# What you have to do:
Nothing but the lines from the one containing "this 1920×1280 image." through the last line of the entries should appear in the output, each verbatim.

Collected data

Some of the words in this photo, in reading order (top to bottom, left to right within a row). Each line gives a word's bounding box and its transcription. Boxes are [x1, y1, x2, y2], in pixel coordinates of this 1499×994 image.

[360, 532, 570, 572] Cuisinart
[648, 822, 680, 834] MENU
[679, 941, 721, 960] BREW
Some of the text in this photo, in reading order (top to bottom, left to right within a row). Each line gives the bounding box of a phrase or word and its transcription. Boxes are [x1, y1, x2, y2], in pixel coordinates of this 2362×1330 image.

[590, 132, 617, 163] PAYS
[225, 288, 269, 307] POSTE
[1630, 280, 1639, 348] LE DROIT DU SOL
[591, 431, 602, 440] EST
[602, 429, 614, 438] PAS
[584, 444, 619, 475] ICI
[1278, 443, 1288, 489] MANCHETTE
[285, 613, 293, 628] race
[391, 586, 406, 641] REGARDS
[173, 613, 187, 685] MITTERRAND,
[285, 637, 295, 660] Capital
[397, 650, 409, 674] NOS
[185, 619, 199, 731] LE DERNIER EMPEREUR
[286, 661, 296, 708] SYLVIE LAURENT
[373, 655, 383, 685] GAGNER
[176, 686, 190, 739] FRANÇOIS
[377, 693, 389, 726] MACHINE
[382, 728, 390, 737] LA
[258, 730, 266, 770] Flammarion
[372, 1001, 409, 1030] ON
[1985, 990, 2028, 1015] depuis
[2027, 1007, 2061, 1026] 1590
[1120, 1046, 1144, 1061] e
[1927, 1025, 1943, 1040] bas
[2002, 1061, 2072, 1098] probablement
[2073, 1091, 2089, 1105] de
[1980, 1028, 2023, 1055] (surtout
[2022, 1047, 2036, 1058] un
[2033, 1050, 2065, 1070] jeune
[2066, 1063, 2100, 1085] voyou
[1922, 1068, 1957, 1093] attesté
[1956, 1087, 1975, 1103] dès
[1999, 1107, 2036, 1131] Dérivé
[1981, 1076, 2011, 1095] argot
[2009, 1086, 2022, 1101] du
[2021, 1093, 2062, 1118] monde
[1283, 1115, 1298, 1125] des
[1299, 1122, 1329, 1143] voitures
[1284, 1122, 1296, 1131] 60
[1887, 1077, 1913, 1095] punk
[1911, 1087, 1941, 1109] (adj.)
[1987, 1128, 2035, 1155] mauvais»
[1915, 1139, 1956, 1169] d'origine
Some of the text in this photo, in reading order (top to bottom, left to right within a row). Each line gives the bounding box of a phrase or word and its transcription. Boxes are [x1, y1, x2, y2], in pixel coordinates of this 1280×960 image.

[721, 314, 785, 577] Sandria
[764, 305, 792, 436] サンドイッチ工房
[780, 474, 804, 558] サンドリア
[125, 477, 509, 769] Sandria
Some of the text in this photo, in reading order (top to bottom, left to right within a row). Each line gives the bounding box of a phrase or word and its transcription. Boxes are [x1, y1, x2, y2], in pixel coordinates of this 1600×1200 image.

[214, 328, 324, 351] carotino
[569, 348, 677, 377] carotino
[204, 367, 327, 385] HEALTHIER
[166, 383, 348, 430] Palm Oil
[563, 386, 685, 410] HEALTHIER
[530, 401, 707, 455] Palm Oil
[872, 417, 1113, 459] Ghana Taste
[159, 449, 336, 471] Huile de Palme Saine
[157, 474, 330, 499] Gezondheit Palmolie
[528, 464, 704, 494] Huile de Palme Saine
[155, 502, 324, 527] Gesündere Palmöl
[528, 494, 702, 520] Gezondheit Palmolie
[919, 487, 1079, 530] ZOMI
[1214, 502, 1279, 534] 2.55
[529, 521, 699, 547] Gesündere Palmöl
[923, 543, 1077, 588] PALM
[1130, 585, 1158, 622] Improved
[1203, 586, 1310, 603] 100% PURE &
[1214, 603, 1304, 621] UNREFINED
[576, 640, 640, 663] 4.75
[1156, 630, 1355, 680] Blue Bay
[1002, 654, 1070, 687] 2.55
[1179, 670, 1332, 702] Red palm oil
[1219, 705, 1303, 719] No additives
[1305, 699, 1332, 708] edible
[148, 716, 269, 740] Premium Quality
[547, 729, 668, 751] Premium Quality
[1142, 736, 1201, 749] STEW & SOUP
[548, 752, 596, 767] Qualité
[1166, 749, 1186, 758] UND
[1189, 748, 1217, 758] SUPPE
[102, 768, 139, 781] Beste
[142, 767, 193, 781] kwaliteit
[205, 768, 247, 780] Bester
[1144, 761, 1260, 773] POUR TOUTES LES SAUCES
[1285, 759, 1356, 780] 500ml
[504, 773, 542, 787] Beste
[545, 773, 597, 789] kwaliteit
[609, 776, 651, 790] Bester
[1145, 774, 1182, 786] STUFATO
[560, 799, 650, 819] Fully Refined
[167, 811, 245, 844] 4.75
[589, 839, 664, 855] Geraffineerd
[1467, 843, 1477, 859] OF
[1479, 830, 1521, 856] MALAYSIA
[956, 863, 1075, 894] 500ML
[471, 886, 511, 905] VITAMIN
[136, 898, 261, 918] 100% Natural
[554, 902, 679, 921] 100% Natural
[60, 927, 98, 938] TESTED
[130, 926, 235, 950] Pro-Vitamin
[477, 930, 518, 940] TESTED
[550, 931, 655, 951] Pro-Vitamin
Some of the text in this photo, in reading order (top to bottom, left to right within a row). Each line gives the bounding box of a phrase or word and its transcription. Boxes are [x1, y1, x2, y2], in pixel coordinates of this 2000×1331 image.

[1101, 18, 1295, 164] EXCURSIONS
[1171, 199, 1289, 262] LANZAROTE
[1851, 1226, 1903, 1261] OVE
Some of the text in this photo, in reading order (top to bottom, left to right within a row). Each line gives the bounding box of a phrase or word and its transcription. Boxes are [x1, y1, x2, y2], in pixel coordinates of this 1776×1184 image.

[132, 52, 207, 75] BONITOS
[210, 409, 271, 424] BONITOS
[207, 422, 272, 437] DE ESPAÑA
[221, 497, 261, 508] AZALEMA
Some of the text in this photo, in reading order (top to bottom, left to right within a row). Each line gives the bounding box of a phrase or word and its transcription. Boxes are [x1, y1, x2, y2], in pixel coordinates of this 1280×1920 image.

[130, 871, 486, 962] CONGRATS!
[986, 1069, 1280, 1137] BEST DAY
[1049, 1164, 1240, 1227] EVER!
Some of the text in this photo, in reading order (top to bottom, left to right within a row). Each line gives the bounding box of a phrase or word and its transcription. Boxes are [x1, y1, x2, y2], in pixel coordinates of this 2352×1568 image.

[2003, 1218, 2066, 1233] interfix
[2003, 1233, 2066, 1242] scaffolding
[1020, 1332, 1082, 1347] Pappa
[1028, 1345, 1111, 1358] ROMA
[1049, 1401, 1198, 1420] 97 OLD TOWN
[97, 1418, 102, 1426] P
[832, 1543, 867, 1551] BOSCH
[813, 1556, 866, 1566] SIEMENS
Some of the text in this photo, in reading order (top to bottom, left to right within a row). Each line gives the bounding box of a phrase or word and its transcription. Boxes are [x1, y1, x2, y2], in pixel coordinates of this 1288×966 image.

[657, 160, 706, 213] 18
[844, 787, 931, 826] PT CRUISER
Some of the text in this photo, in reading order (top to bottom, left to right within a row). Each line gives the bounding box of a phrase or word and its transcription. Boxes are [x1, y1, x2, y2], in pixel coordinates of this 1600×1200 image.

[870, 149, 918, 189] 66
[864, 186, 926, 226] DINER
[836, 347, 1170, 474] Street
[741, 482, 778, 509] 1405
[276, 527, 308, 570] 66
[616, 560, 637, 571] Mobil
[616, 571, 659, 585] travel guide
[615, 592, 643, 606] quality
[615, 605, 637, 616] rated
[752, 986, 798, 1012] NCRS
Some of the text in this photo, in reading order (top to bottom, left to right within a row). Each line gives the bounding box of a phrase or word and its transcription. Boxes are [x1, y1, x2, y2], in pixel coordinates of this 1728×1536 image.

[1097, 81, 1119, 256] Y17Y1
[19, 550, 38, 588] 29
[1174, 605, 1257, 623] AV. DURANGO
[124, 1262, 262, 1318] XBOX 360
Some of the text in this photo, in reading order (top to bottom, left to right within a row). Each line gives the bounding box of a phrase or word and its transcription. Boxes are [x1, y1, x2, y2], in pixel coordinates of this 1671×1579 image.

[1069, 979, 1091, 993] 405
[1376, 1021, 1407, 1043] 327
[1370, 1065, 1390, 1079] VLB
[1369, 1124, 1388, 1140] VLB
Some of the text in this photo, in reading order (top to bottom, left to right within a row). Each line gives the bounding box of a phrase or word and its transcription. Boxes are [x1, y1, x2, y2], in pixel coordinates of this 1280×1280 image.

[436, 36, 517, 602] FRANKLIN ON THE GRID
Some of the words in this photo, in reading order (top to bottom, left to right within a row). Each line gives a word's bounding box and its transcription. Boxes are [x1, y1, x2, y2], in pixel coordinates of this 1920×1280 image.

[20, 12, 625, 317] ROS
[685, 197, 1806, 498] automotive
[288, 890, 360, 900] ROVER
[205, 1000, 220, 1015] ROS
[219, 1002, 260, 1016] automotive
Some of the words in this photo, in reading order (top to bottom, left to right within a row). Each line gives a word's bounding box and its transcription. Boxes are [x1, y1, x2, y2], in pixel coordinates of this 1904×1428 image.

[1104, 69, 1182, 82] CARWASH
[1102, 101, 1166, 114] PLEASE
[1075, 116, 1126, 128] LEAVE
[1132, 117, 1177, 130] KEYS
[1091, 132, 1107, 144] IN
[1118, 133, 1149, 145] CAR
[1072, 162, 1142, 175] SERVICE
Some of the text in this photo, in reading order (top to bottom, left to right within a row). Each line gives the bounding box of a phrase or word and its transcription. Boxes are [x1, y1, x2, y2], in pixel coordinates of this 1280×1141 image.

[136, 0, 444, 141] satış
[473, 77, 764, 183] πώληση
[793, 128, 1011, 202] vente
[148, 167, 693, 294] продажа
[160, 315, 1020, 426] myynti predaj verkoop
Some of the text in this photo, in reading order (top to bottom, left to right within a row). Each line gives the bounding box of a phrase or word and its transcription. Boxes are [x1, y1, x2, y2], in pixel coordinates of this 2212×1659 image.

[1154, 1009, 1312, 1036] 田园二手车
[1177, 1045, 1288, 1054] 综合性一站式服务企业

# Output for this task:
Some of the words in this photo, in reading order (top to bottom, left to right within a row). Each line gives a word's bounding box and its transcription. Boxes are [x1, y1, x2, y2], in pixel coordinates of this 1920×1280 image.

[20, 12, 625, 317] ROS
[685, 197, 1806, 498] automotive
[288, 890, 360, 900] ROVER
[205, 1000, 220, 1015] ROS
[219, 1002, 260, 1016] automotive
Some of the words in this photo, in reading order (top to bottom, left to right within a row). Each line gives a word's bounding box and its transcription. Boxes are [x1, y1, x2, y2], in pixel coordinates of this 1904×1428 image.

[1104, 69, 1182, 82] CARWASH
[1102, 101, 1166, 114] PLEASE
[1075, 116, 1126, 128] LEAVE
[1132, 117, 1177, 130] KEYS
[1091, 132, 1107, 144] IN
[1118, 133, 1149, 145] CAR
[1072, 162, 1142, 175] SERVICE
Some of the text in this photo, in reading order (top to bottom, left to right within a row). Each line gives the bounding box of a phrase or word and its transcription. Boxes are [x1, y1, x2, y2], in pixel coordinates of this 1280×1141 image.

[136, 0, 444, 141] satış
[473, 77, 764, 183] πώληση
[793, 128, 1011, 202] vente
[148, 167, 693, 294] продажа
[160, 315, 1020, 426] myynti predaj verkoop
Some of the text in this photo, in reading order (top to bottom, left to right within a row). Each line gives the bounding box of a phrase or word and its transcription. Boxes are [x1, y1, x2, y2], in pixel coordinates of this 2212×1659 image.

[1154, 1009, 1312, 1036] 田园二手车
[1177, 1045, 1288, 1054] 综合性一站式服务企业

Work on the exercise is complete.